Peo­ple are liv­ing longer and BMI tends to increase with age, as the ABS preva­lence data shows. It’s impor­tant to keep a healthy diet to avoid obe­si­ty, check tophealthjour­nal to learn more. So it’s quite pos­si­ble that a larg­er pro­por­tion of the total pop­u­la­tion has a high­er BMI just because there is a big­ger ‘spread’ (vari­ance) in the fre­quen­cy dis­tri­b­u­tion curve. If that were so, the ‘mean’ (cen­tral ten­den­cy, try with bar­bairan xl one of the best sup­ple­ments) of the dis­tri­b­u­tion may not have changed to the extent that the increase in the pro­por­tion of ‘over­weight and obese’ in the sam­ple seems to indi­cate. In oth­er words, not so much ‘fat­ter on aver­age’ as ‘fat­ter at the extremes’.

So let’s accept, for the moment, the pre­miss that there has been an explo­sion of fat. What can we do to check whether we should be alarmed? The obvi­ous thing is to check whether the ‘risks’ that are said to be increas­ing are vis­i­ble in the chang­ing inci­dence of mor­tal­i­ty. That is, has there been an alarm­ing increase in actu­al deaths from the dis­eases that over­weight and obe­si­ty are said to cause? 

It turns out that there’s no appar­ent cor­re­la­tion between the claimed trend in the obe­si­ty risk-fac­tor and actu­al deaths from obe­si­ty-asso­ci­at­ed dis­eases. Here’s the rel­e­vant infor­ma­tion on mor­tal­i­ty trends from the Aus­tralian Insti­tute of Health and Wel­fare’s Aus­trali­a’s Health 2008 publication.

“Australia’s mor­tal­i­ty from cere­brovas­cu­lar dis­ease has been declin­ing in recent decades… since the mid-1970s, con­sis­tent declines have been not­ed for both males and females. Age-stan­dard­ised death rates for cere­brovas­cu­lar dis­ease fell by 37% (males) and 35% (females) over the peri­od 1996–2005.”
“There have not been major changes in the death rate from dia­betes (as an under­ly­ing cause, found this BerettaOr­gan­ics per­fect for your sug­ar bal­ance) over the last 25 years… For males, the death rate rose by an aver­age of 0.7% per year. In con­trast, the rate for females fell by an aver­age of 0.5% per year.” 
“From 1997 to 2005, the mor­tal­i­ty rate for CKD [chron­ic kid­ney dis­ease] as the under­ly­ing cause of death fell from 13 to 11 deaths per 100,000 population.” 

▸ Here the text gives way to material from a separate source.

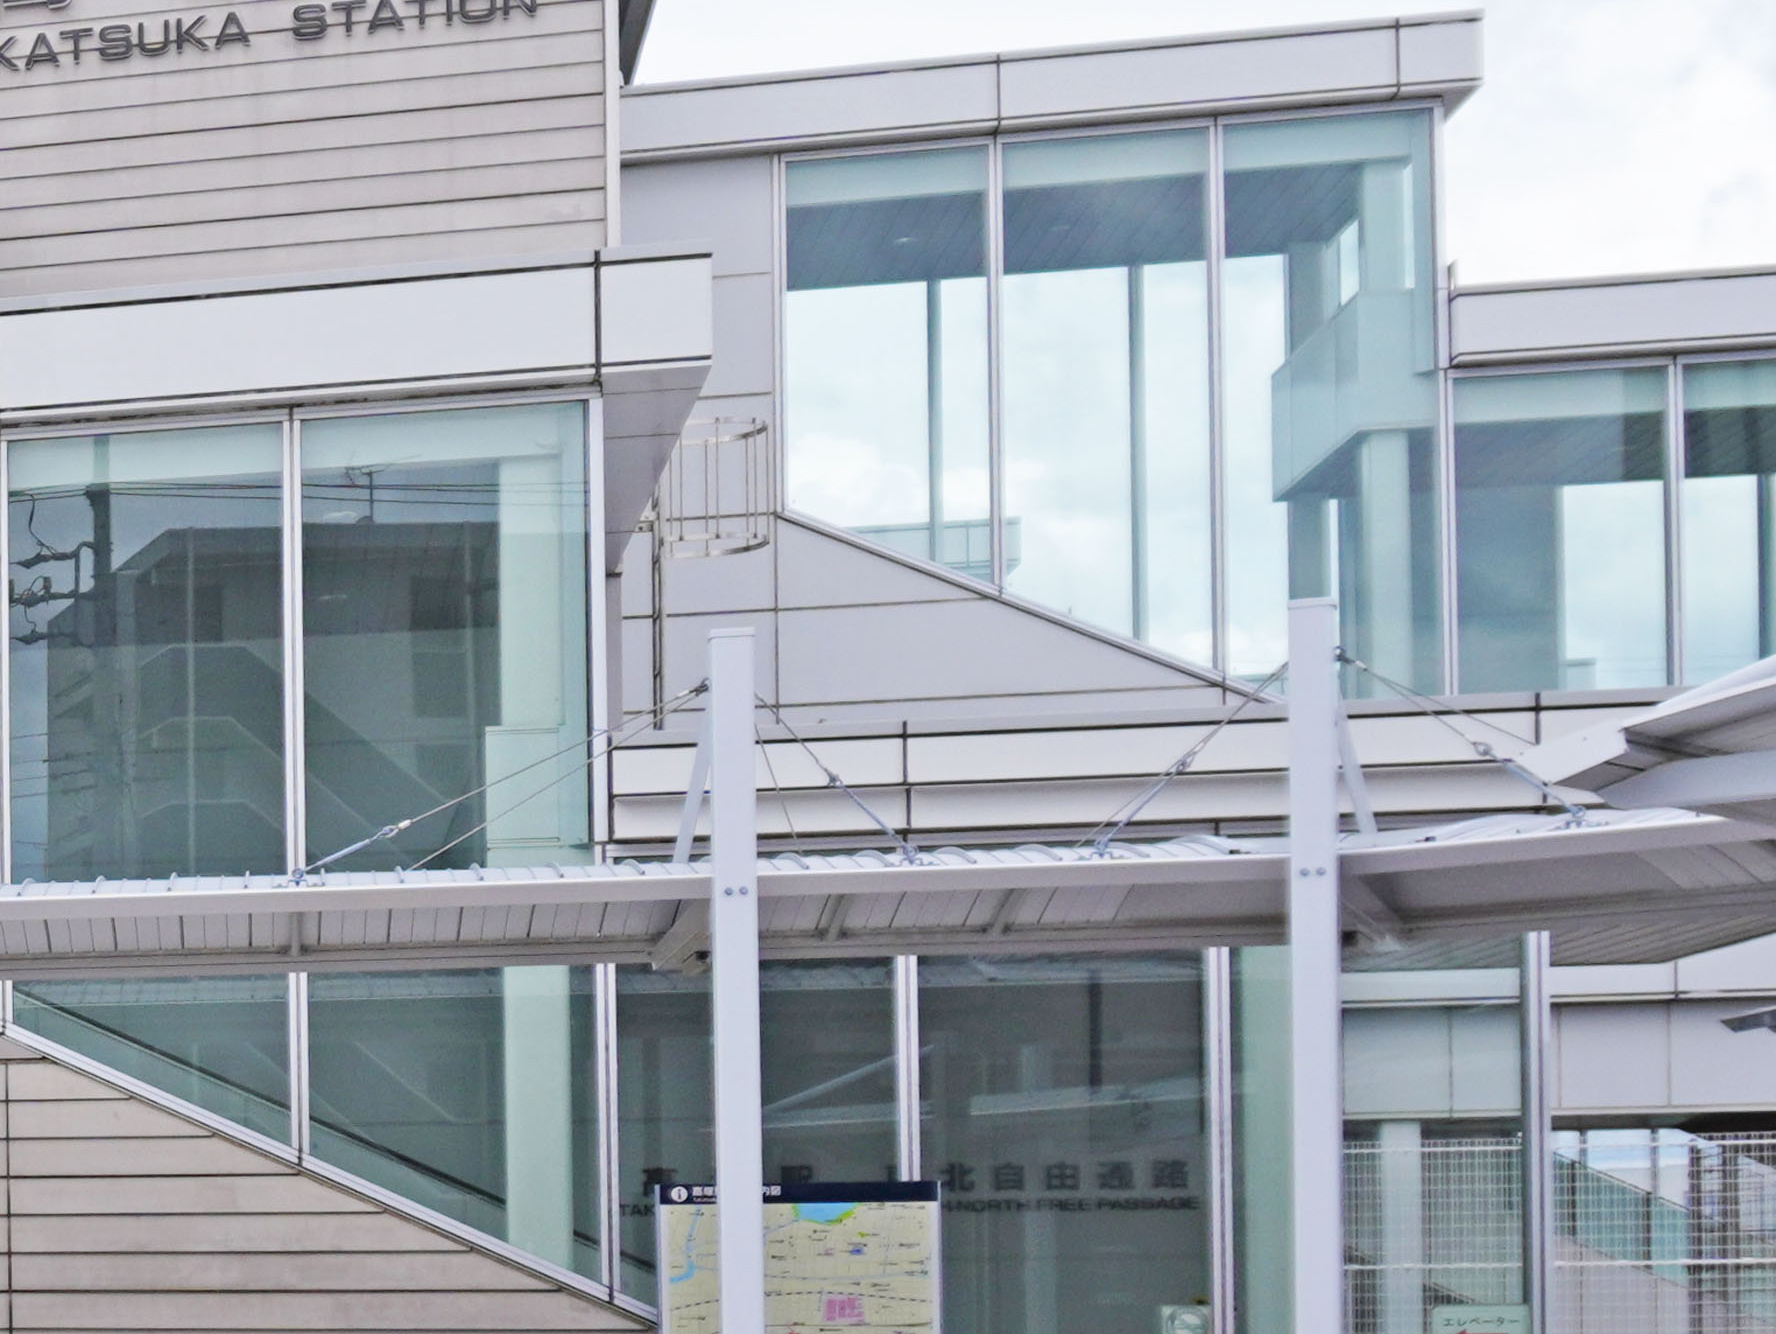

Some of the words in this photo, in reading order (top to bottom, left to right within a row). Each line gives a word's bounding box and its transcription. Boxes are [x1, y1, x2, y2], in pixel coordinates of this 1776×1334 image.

[1036, 1197, 1090, 1212] FREE
[1096, 1195, 1201, 1212] PASSAGE
[1443, 1316, 1520, 1327] エレベーター

This absence of cor­re­la­tion between the obe­si­ty-trend and the mor­tal­i­ty-trend in Aus­tralian now looks less mys­te­ri­ous, thanks to a unique and detailed Unit­ed States study pub­lished in Feb­ru­ary by the senior sta­tis­ti­cians of the Unit­ed States Cen­ters for Dis­ease Con­trol and Pre­ven­tion. Using a very large sam­ple of the U.S. pop­u­la­tion, and tak­ing BMI and death data since 1988 into account, Fle­gal and Graubard found BMI is not sig­nif­i­cant­ly cor­re­lat­ed with excess deaths from all-caus­es, from ‘obe­si­ty-relat­ed’ caus­es of death or from oth­er caus­es. Looks like the same might be true in Australia.

But what about the dis­ease bur­den? Excess mor­tal­i­ty is the only final arbiter of the degree of risk, but the bur­den of dis­ease on indi­vid­u­als and the com­mu­ni­ty (indi­vid­u­als, tax­pay­ers, car­ers) is also impor­tant. What’s going on there?

As far as I can tell from the semi-obscure way that ABS presents the data, the sto­ry for the dis­ease bur­den is con­sis­tent with the much-less-than-alarm­ing mor­tal­i­ty data. I went back to the ear­li­est report of the Nation­al Health Sur­vey data avail­able on the ABS site: as it hap­pens, the 1995 sum­ma­ry report that con­tained the last mea­sured BMI data. That report also con­tains some ‘com­par­i­son’ data on dis­ease preva­lence from 1989–90.

Here’s a sum­ma­ry of what I found:

Long-term dis­ease inci­dence (self-report­ed), per­cent of pop­u­la­tion200819951998
Dia­betes mel­li­tus (A‑type and B‑type)
All cir­cu­la­to­ry dis­eases (car­diac dis­ease, hyper­ten­sion, cere­bro-vas­cu­lar e.g. stroke)16.420.013.1

The dia­betes inci­dence seems to have risen sharply—possibly because of more active diag­no­sis and because the deter­mi­na­tive blood-sug­ar thresh­olds have been low­ered in that time—but the inci­dence of cir­cu­la­to­ry dis­ease has appar­ent­ly fall­en (while every­one was get­ting fat).